What you will do:
Give back every record exactly, images excluded.

Extracted entries:

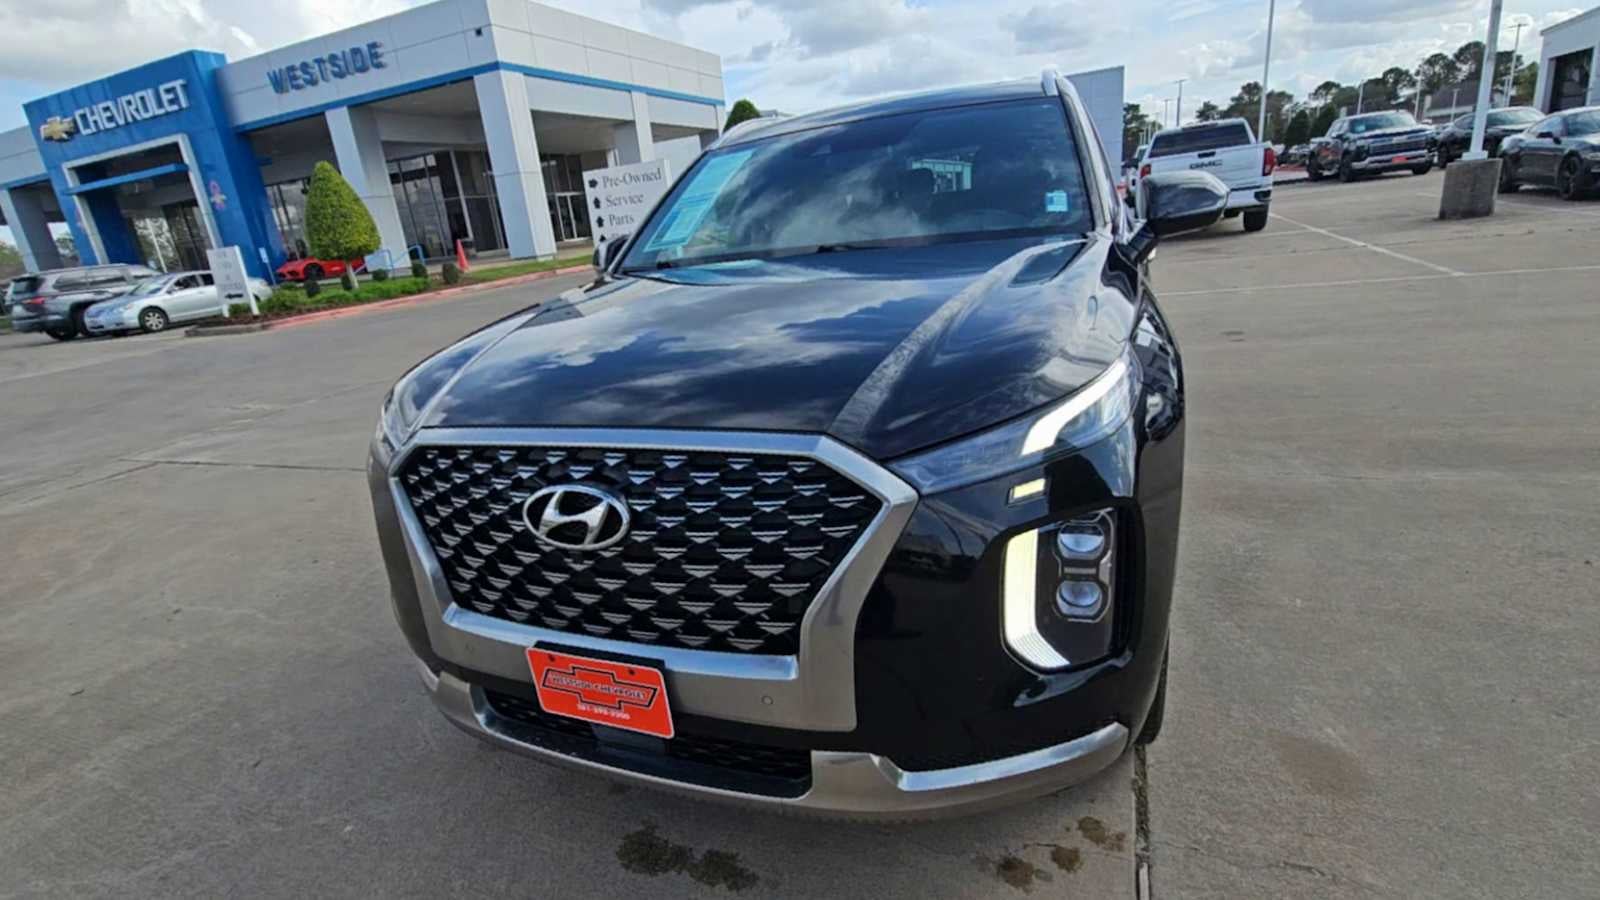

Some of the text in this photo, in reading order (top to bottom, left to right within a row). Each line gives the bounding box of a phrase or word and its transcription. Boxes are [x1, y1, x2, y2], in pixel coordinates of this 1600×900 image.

[267, 41, 386, 94] WESTSIDE
[74, 79, 189, 136] CHEVROLET
[1189, 160, 1223, 169] GMC
[601, 168, 661, 189] Pre-Owned
[605, 193, 645, 208] Service
[608, 214, 635, 227] Parts

Solution below:
Some of the text in this photo, in reading order (top to bottom, left to right within a row). Each line gives the bounding box of a phrase or word and its transcription. Boxes are [x1, y1, x2, y2], in pixel coordinates of this 1600×900 image.

[267, 41, 386, 94] WESTSIDE
[74, 79, 189, 136] CHEVROLET
[1189, 160, 1223, 169] GMC
[601, 168, 661, 189] Pre-Owned
[605, 193, 645, 208] Service
[608, 214, 635, 227] Parts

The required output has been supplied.